Problem to solve: Copy every line of the data exactly, leaving nothing out.

Stored items:
####################
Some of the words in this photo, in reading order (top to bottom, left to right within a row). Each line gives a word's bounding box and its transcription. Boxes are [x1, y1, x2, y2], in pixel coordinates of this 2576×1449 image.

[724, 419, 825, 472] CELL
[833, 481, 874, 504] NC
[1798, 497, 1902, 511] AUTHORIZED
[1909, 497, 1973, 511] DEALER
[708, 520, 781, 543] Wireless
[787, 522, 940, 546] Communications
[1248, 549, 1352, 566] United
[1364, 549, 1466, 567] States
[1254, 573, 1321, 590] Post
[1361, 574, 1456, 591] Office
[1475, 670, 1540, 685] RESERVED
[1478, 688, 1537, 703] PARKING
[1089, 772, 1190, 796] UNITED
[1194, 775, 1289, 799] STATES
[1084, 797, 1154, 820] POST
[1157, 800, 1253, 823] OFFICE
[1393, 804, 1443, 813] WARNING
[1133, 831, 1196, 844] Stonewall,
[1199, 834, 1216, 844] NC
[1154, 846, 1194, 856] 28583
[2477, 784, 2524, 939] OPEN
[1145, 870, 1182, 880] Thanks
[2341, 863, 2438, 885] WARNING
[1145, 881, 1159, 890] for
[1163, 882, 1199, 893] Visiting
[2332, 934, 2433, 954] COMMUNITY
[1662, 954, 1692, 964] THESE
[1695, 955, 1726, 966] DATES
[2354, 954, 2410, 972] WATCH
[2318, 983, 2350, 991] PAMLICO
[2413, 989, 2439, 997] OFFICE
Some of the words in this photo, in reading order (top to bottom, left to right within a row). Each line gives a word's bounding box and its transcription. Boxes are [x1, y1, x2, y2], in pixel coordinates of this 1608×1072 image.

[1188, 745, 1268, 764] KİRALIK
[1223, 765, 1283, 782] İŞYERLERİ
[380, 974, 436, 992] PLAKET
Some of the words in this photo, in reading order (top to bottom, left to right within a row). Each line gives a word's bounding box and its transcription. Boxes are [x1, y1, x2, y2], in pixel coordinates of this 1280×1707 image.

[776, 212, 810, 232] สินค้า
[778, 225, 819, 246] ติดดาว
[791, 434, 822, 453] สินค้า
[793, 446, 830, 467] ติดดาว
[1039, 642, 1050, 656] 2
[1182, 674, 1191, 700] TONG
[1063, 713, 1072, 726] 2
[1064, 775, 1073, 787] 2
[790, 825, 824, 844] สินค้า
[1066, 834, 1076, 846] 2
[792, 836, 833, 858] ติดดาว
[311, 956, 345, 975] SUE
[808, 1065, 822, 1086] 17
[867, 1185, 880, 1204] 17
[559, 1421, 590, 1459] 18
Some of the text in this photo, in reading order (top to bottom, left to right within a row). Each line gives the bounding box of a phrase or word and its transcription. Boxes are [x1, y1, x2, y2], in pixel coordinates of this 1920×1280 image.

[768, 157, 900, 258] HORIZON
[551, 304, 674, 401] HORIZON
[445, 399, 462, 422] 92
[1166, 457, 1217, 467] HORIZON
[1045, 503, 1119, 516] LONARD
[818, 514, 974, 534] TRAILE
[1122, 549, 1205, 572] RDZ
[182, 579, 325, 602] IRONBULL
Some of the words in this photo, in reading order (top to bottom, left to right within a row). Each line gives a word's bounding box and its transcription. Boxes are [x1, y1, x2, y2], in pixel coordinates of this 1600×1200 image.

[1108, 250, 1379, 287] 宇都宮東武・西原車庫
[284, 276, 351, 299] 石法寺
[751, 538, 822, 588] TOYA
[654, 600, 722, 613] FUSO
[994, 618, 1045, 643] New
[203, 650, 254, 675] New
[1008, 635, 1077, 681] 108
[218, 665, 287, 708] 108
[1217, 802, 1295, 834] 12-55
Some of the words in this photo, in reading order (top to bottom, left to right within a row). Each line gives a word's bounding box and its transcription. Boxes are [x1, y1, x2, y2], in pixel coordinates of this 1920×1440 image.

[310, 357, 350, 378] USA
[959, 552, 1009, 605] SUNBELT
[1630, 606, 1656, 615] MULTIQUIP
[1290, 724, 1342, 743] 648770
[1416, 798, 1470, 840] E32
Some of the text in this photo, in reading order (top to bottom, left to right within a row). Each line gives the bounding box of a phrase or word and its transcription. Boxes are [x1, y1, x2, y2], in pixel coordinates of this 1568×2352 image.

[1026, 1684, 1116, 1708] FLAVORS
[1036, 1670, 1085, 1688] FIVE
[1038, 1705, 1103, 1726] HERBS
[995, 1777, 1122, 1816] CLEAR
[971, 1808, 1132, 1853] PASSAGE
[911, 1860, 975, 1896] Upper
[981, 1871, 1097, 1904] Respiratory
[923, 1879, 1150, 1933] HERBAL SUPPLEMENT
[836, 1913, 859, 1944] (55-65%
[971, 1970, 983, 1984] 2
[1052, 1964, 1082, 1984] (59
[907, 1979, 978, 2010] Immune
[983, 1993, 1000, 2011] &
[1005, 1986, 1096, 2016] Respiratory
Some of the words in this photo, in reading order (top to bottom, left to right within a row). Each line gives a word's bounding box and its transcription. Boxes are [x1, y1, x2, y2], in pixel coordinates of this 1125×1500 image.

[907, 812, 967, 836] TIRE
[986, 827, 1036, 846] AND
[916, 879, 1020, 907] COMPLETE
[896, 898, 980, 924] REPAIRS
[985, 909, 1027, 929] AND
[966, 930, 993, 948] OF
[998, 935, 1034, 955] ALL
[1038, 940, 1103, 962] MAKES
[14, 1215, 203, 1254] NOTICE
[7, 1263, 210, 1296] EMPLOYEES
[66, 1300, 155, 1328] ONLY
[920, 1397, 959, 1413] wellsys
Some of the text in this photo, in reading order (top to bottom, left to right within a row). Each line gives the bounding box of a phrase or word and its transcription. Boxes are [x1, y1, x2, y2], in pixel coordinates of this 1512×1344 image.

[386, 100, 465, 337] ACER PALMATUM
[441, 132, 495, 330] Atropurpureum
####################
Answer to the problem:
Some of the words in this photo, in reading order (top to bottom, left to right within a row). Each line gives a word's bounding box and its transcription. Boxes are [x1, y1, x2, y2], in pixel coordinates of this 2576×1449 image.

[724, 419, 825, 472] CELL
[833, 481, 874, 504] NC
[1798, 497, 1902, 511] AUTHORIZED
[1909, 497, 1973, 511] DEALER
[708, 520, 781, 543] Wireless
[787, 522, 940, 546] Communications
[1248, 549, 1352, 566] United
[1364, 549, 1466, 567] States
[1254, 573, 1321, 590] Post
[1361, 574, 1456, 591] Office
[1475, 670, 1540, 685] RESERVED
[1478, 688, 1537, 703] PARKING
[1089, 772, 1190, 796] UNITED
[1194, 775, 1289, 799] STATES
[1084, 797, 1154, 820] POST
[1157, 800, 1253, 823] OFFICE
[1393, 804, 1443, 813] WARNING
[1133, 831, 1196, 844] Stonewall,
[1199, 834, 1216, 844] NC
[1154, 846, 1194, 856] 28583
[2477, 784, 2524, 939] OPEN
[1145, 870, 1182, 880] Thanks
[2341, 863, 2438, 885] WARNING
[1145, 881, 1159, 890] for
[1163, 882, 1199, 893] Visiting
[2332, 934, 2433, 954] COMMUNITY
[1662, 954, 1692, 964] THESE
[1695, 955, 1726, 966] DATES
[2354, 954, 2410, 972] WATCH
[2318, 983, 2350, 991] PAMLICO
[2413, 989, 2439, 997] OFFICE
Some of the words in this photo, in reading order (top to bottom, left to right within a row). Each line gives a word's bounding box and its transcription. Boxes are [x1, y1, x2, y2], in pixel coordinates of this 1608×1072 image.

[1188, 745, 1268, 764] KİRALIK
[1223, 765, 1283, 782] İŞYERLERİ
[380, 974, 436, 992] PLAKET
Some of the words in this photo, in reading order (top to bottom, left to right within a row). Each line gives a word's bounding box and its transcription. Boxes are [x1, y1, x2, y2], in pixel coordinates of this 1280×1707 image.

[776, 212, 810, 232] สินค้า
[778, 225, 819, 246] ติดดาว
[791, 434, 822, 453] สินค้า
[793, 446, 830, 467] ติดดาว
[1039, 642, 1050, 656] 2
[1182, 674, 1191, 700] TONG
[1063, 713, 1072, 726] 2
[1064, 775, 1073, 787] 2
[790, 825, 824, 844] สินค้า
[1066, 834, 1076, 846] 2
[792, 836, 833, 858] ติดดาว
[311, 956, 345, 975] SUE
[808, 1065, 822, 1086] 17
[867, 1185, 880, 1204] 17
[559, 1421, 590, 1459] 18
Some of the text in this photo, in reading order (top to bottom, left to right within a row). Each line gives the bounding box of a phrase or word and its transcription. Boxes are [x1, y1, x2, y2], in pixel coordinates of this 1920×1280 image.

[768, 157, 900, 258] HORIZON
[551, 304, 674, 401] HORIZON
[445, 399, 462, 422] 92
[1166, 457, 1217, 467] HORIZON
[1045, 503, 1119, 516] LONARD
[818, 514, 974, 534] TRAILE
[1122, 549, 1205, 572] RDZ
[182, 579, 325, 602] IRONBULL
Some of the words in this photo, in reading order (top to bottom, left to right within a row). Each line gives a word's bounding box and its transcription. Boxes are [x1, y1, x2, y2], in pixel coordinates of this 1600×1200 image.

[1108, 250, 1379, 287] 宇都宮東武・西原車庫
[284, 276, 351, 299] 石法寺
[751, 538, 822, 588] TOYA
[654, 600, 722, 613] FUSO
[994, 618, 1045, 643] New
[203, 650, 254, 675] New
[1008, 635, 1077, 681] 108
[218, 665, 287, 708] 108
[1217, 802, 1295, 834] 12-55
Some of the words in this photo, in reading order (top to bottom, left to right within a row). Each line gives a word's bounding box and its transcription. Boxes are [x1, y1, x2, y2], in pixel coordinates of this 1920×1440 image.

[310, 357, 350, 378] USA
[959, 552, 1009, 605] SUNBELT
[1630, 606, 1656, 615] MULTIQUIP
[1290, 724, 1342, 743] 648770
[1416, 798, 1470, 840] E32
Some of the text in this photo, in reading order (top to bottom, left to right within a row). Each line gives the bounding box of a phrase or word and its transcription. Boxes are [x1, y1, x2, y2], in pixel coordinates of this 1568×2352 image.

[1026, 1684, 1116, 1708] FLAVORS
[1036, 1670, 1085, 1688] FIVE
[1038, 1705, 1103, 1726] HERBS
[995, 1777, 1122, 1816] CLEAR
[971, 1808, 1132, 1853] PASSAGE
[911, 1860, 975, 1896] Upper
[981, 1871, 1097, 1904] Respiratory
[923, 1879, 1150, 1933] HERBAL SUPPLEMENT
[836, 1913, 859, 1944] (55-65%
[971, 1970, 983, 1984] 2
[1052, 1964, 1082, 1984] (59
[907, 1979, 978, 2010] Immune
[983, 1993, 1000, 2011] &
[1005, 1986, 1096, 2016] Respiratory
Some of the words in this photo, in reading order (top to bottom, left to right within a row). Each line gives a word's bounding box and its transcription. Boxes are [x1, y1, x2, y2], in pixel coordinates of this 1125×1500 image.

[907, 812, 967, 836] TIRE
[986, 827, 1036, 846] AND
[916, 879, 1020, 907] COMPLETE
[896, 898, 980, 924] REPAIRS
[985, 909, 1027, 929] AND
[966, 930, 993, 948] OF
[998, 935, 1034, 955] ALL
[1038, 940, 1103, 962] MAKES
[14, 1215, 203, 1254] NOTICE
[7, 1263, 210, 1296] EMPLOYEES
[66, 1300, 155, 1328] ONLY
[920, 1397, 959, 1413] wellsys
Some of the text in this photo, in reading order (top to bottom, left to right within a row). Each line gives the bounding box of a phrase or word and its transcription. Boxes are [x1, y1, x2, y2], in pixel coordinates of this 1512×1344 image.

[386, 100, 465, 337] ACER PALMATUM
[441, 132, 495, 330] Atropurpureum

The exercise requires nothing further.